Where a picture occurs in the data, omit it, and copy all remaining data exactly.

+--

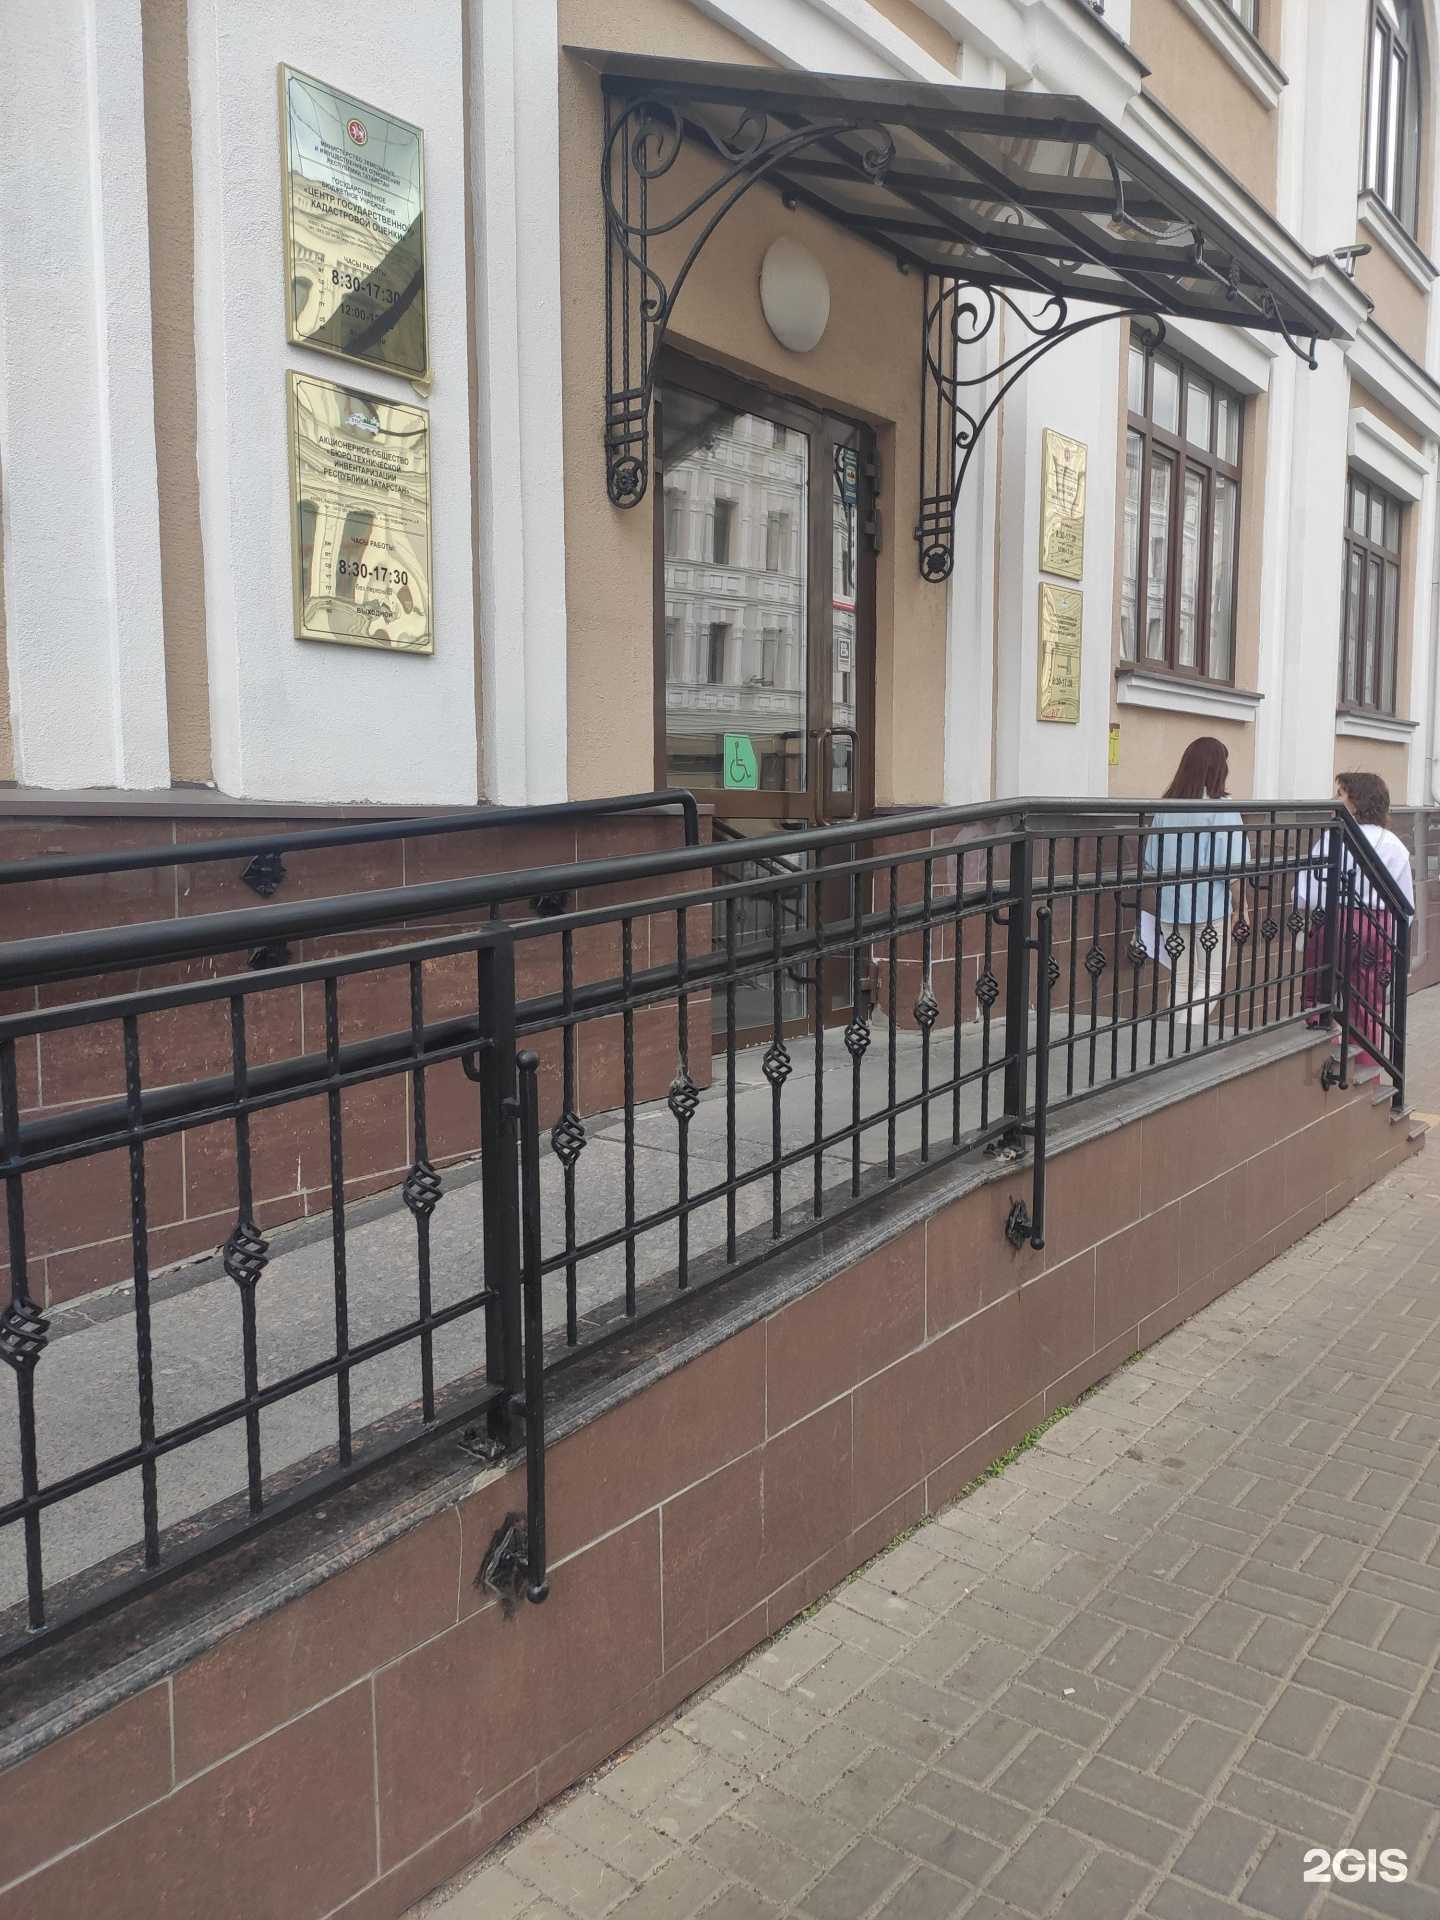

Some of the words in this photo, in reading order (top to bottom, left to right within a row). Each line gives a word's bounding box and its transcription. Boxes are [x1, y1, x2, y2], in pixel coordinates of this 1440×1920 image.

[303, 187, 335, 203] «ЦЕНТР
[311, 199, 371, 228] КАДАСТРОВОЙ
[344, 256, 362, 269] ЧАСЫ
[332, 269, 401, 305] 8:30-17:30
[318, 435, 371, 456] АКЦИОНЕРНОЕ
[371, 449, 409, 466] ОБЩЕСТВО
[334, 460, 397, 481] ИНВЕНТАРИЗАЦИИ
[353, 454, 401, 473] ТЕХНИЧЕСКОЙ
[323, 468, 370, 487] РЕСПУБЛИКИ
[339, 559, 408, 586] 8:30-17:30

+--

## Solved exercise
Some of the words in this photo, in reading order (top to bottom, left to right within a row). Each line gives a word's bounding box and its transcription. Boxes are [x1, y1, x2, y2], in pixel coordinates of this 1440×1920 image.

[303, 187, 335, 203] «ЦЕНТР
[311, 199, 371, 228] КАДАСТРОВОЙ
[344, 256, 362, 269] ЧАСЫ
[332, 269, 401, 305] 8:30-17:30
[318, 435, 371, 456] АКЦИОНЕРНОЕ
[371, 449, 409, 466] ОБЩЕСТВО
[334, 460, 397, 481] ИНВЕНТАРИЗАЦИИ
[353, 454, 401, 473] ТЕХНИЧЕСКОЙ
[323, 468, 370, 487] РЕСПУБЛИКИ
[339, 559, 408, 586] 8:30-17:30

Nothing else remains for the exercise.